*WHAT YOU ARE ASKED TO DO*: Return a faithful copy of all the entries, omitting the images.

(Images for object localization)
########################################

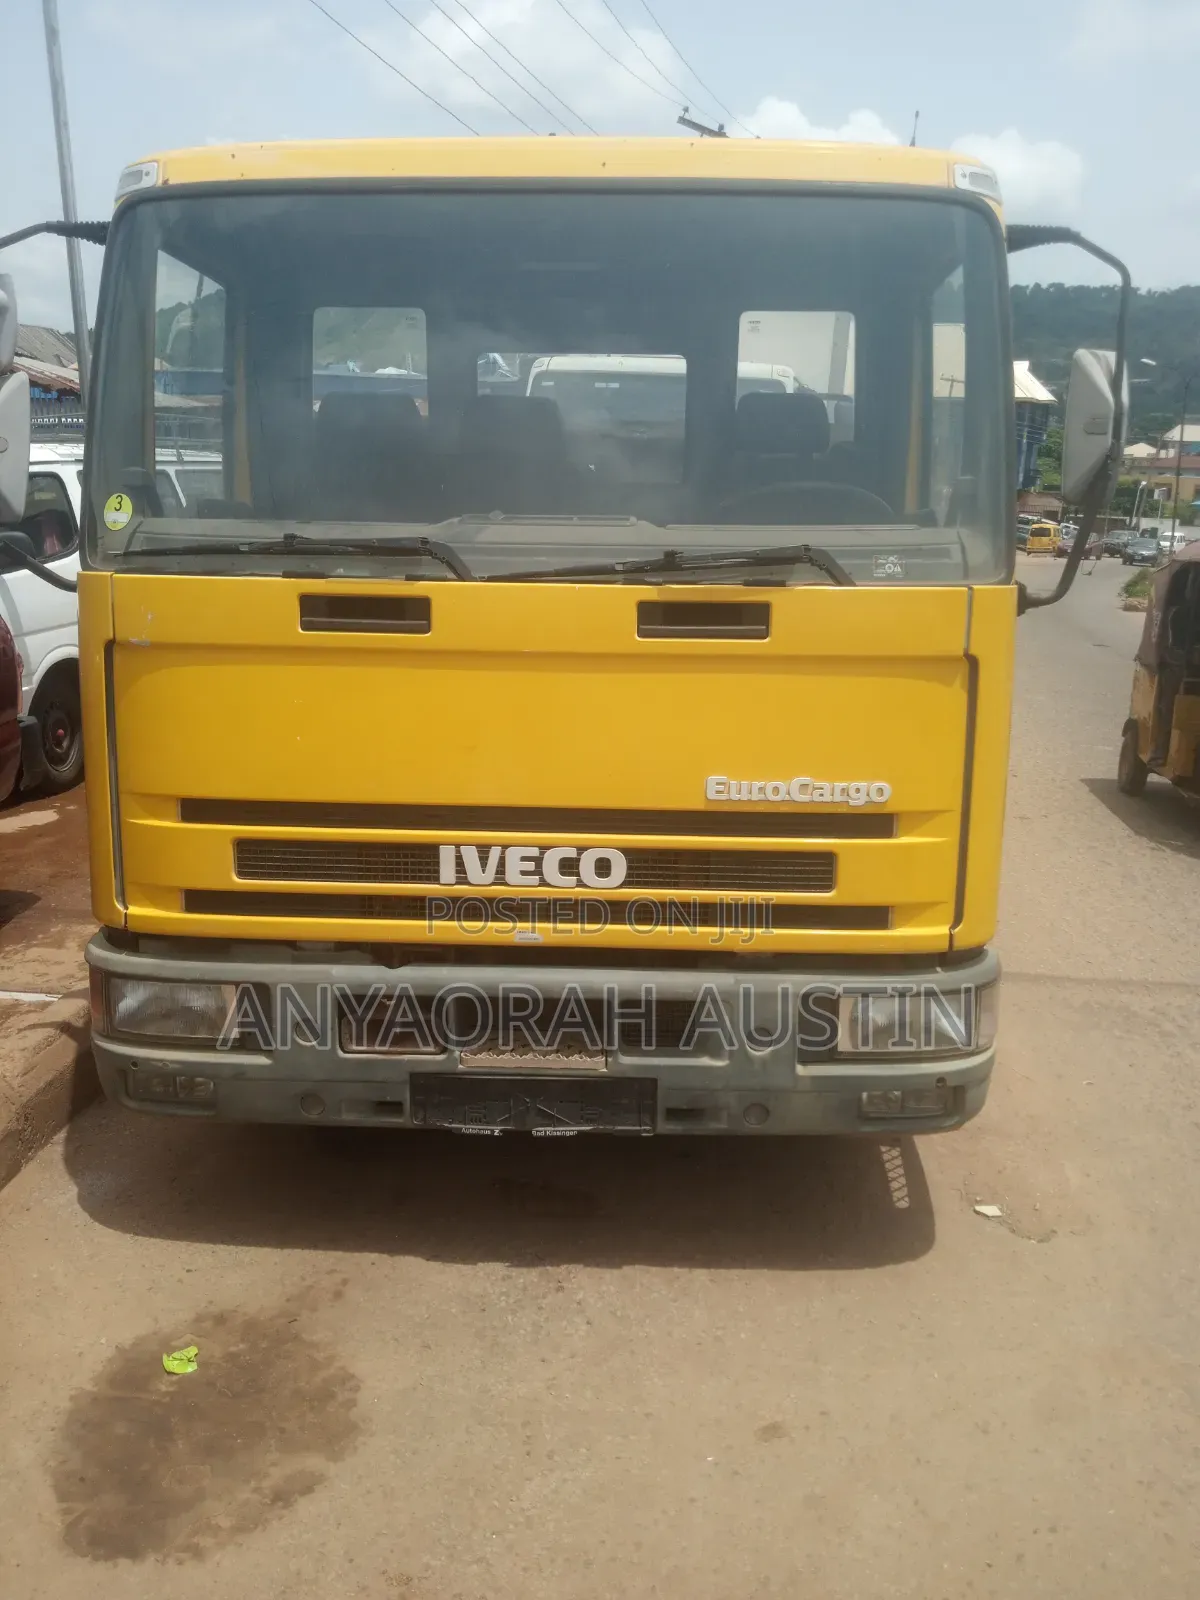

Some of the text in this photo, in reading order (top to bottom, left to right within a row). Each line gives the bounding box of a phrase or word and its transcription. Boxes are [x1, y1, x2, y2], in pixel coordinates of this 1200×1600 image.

[114, 494, 124, 512] 3
[705, 776, 892, 806] EuroCargo
[438, 844, 628, 889] IVECO
[461, 1127, 492, 1136] Autohaus
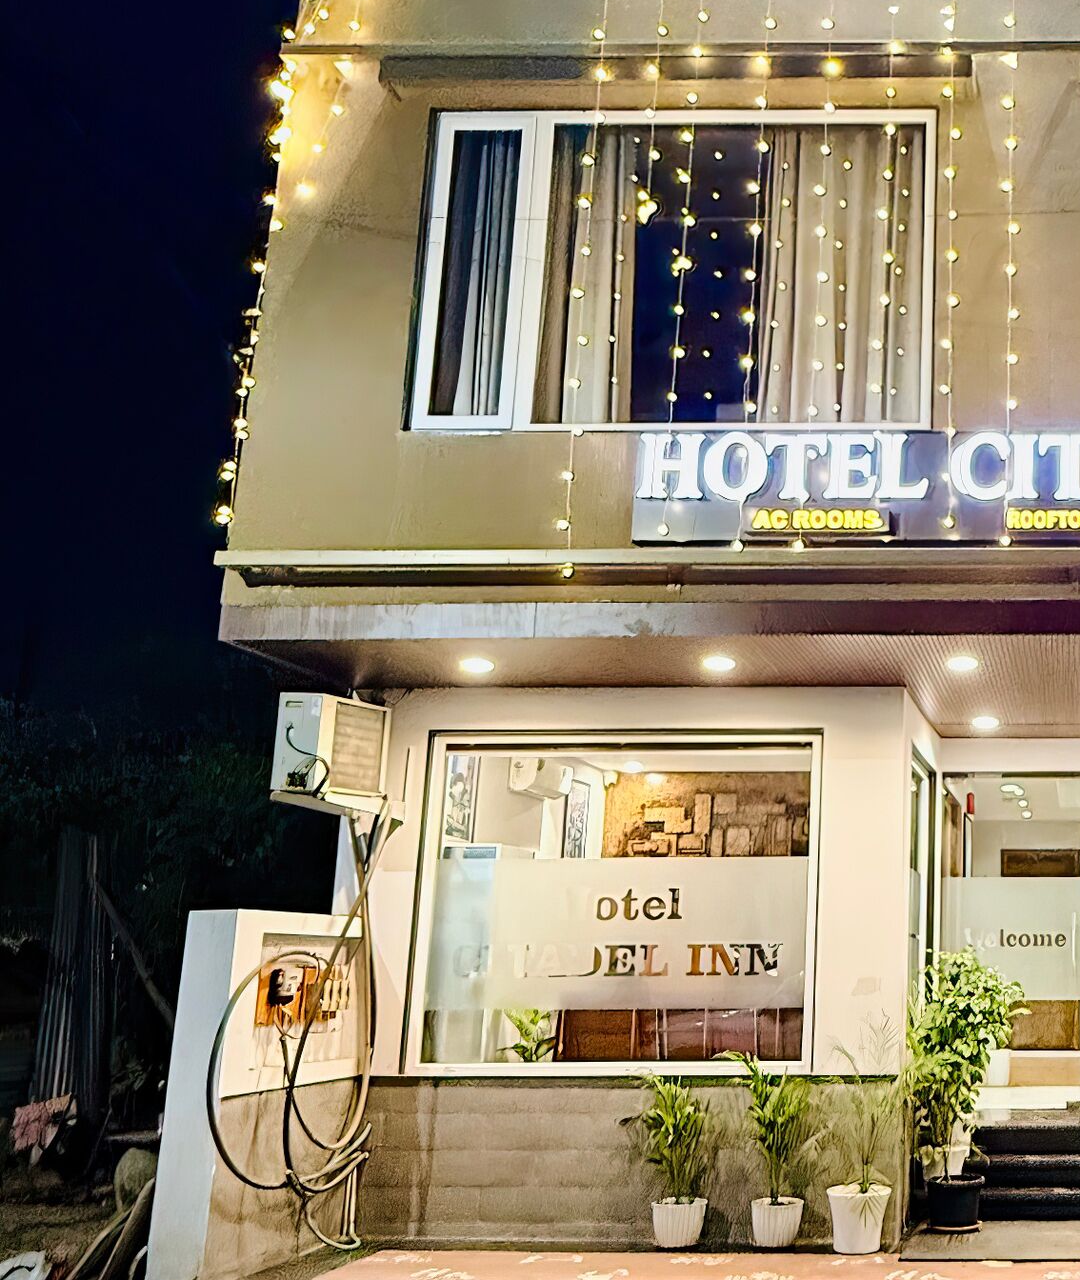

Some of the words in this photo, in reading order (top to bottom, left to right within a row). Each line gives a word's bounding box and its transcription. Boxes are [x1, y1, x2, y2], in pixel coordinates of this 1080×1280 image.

[635, 431, 929, 501] HOTEL
[751, 508, 789, 530] AC
[791, 508, 884, 530] ROOMS
[567, 886, 683, 921] otel
[685, 942, 785, 978] INN
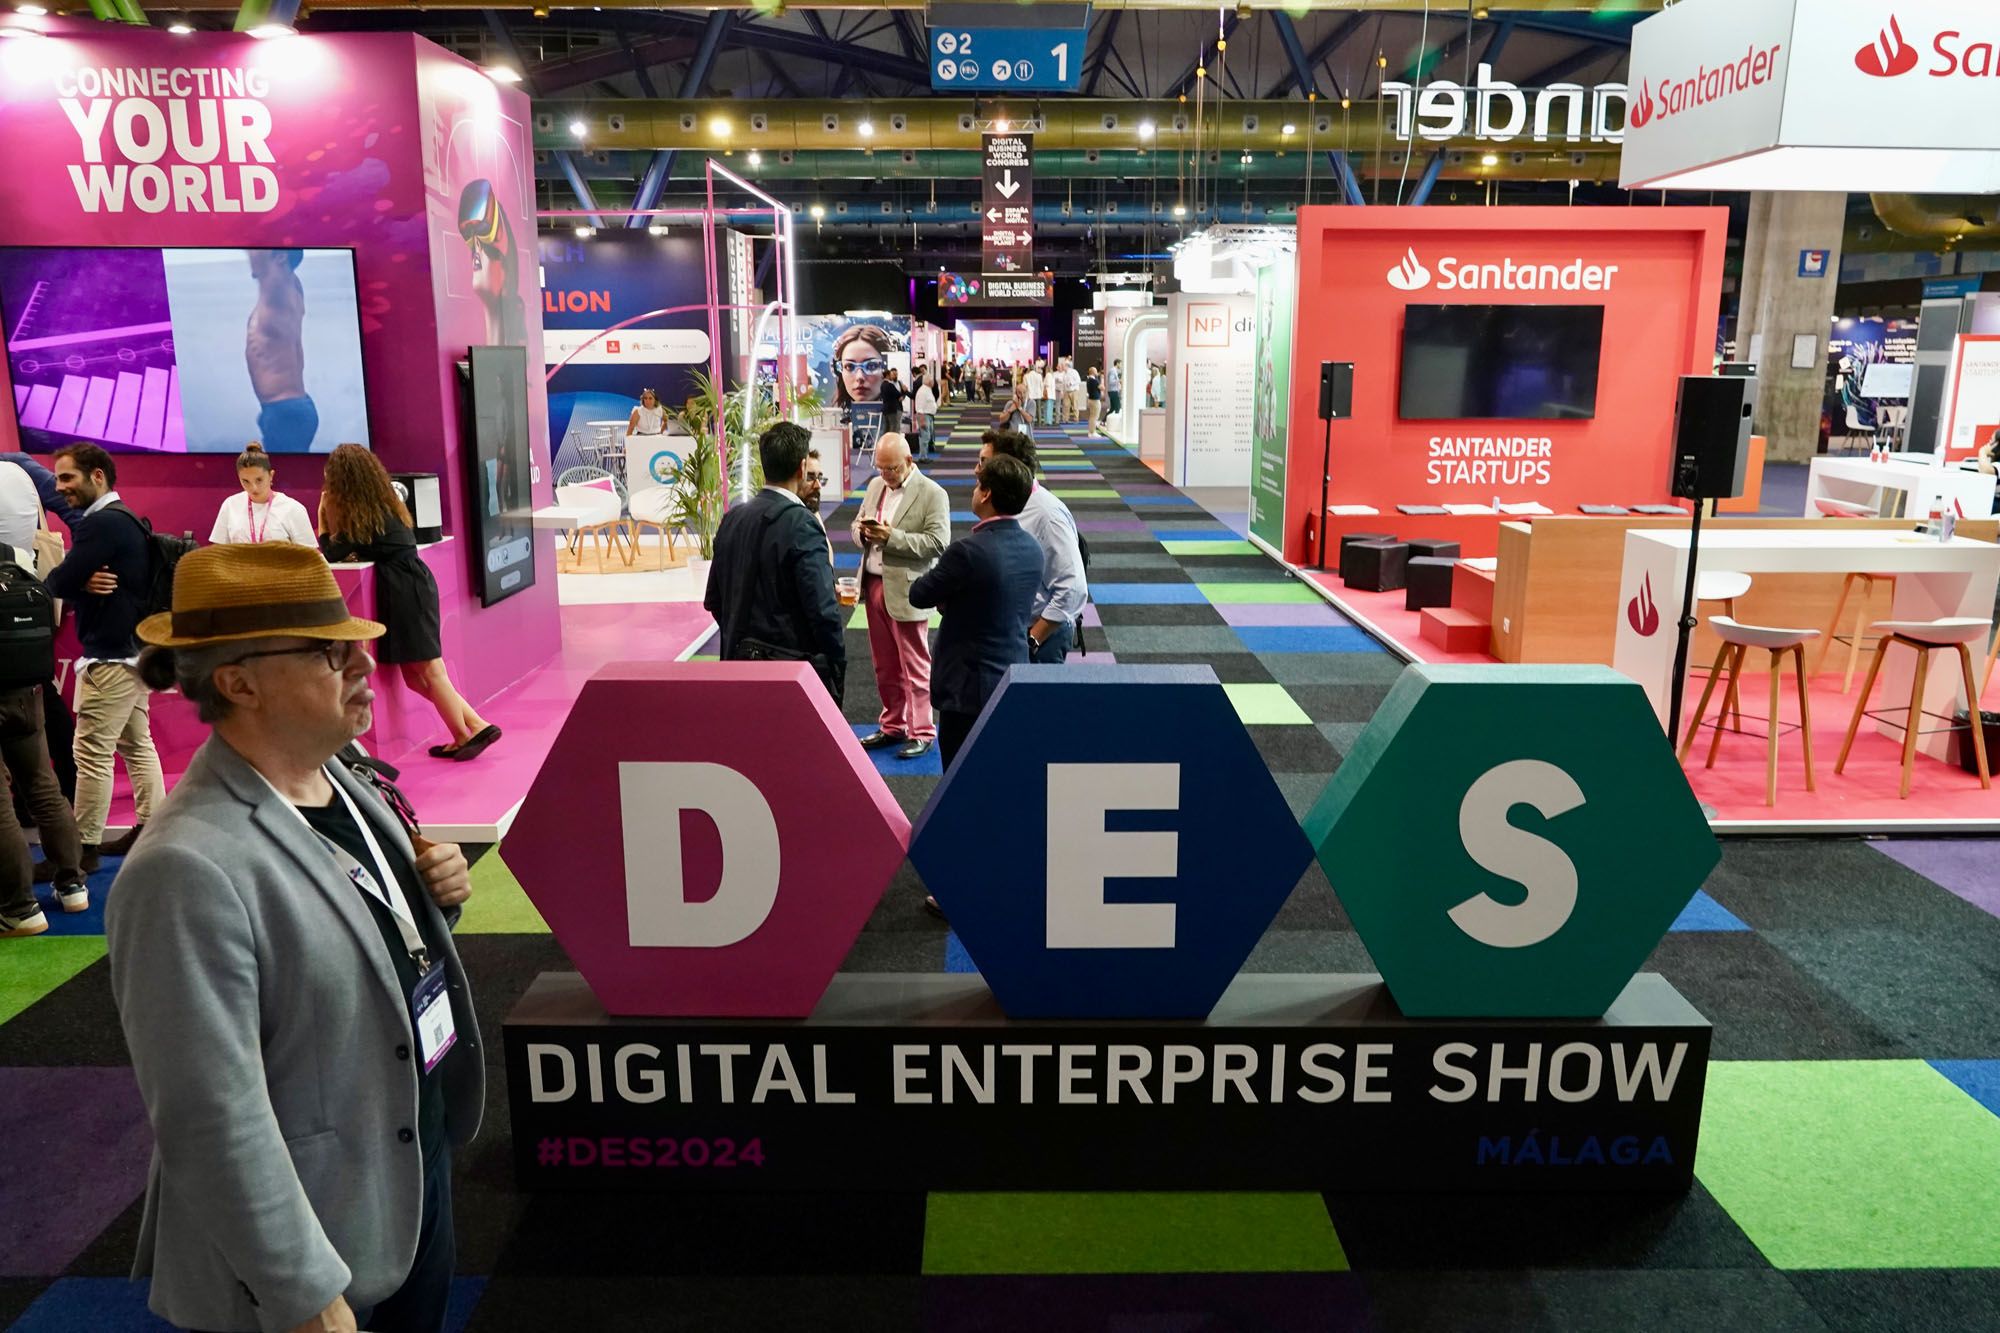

########################################

*ANSWER BOX*:
Some of the text in this photo, in reading order (top to bottom, left to right within a row). Each line gives the bounding box of a phrase or word and its transcription. Boxes are [x1, y1, x2, y2], in pixel coordinates of this 1200×1600 image.

[114, 494, 124, 512] 3
[705, 776, 892, 806] EuroCargo
[438, 844, 628, 889] IVECO
[461, 1127, 492, 1136] Autohaus

Some of the words in this photo, in reading order (top to bottom, left to right within a row). Each line gives a word's bounding box and its transcription. Boxes are [x1, y1, x2, y2], in pixel coordinates of this 1080×1280 image.

[635, 431, 929, 501] HOTEL
[751, 508, 789, 530] AC
[791, 508, 884, 530] ROOMS
[567, 886, 683, 921] otel
[685, 942, 785, 978] INN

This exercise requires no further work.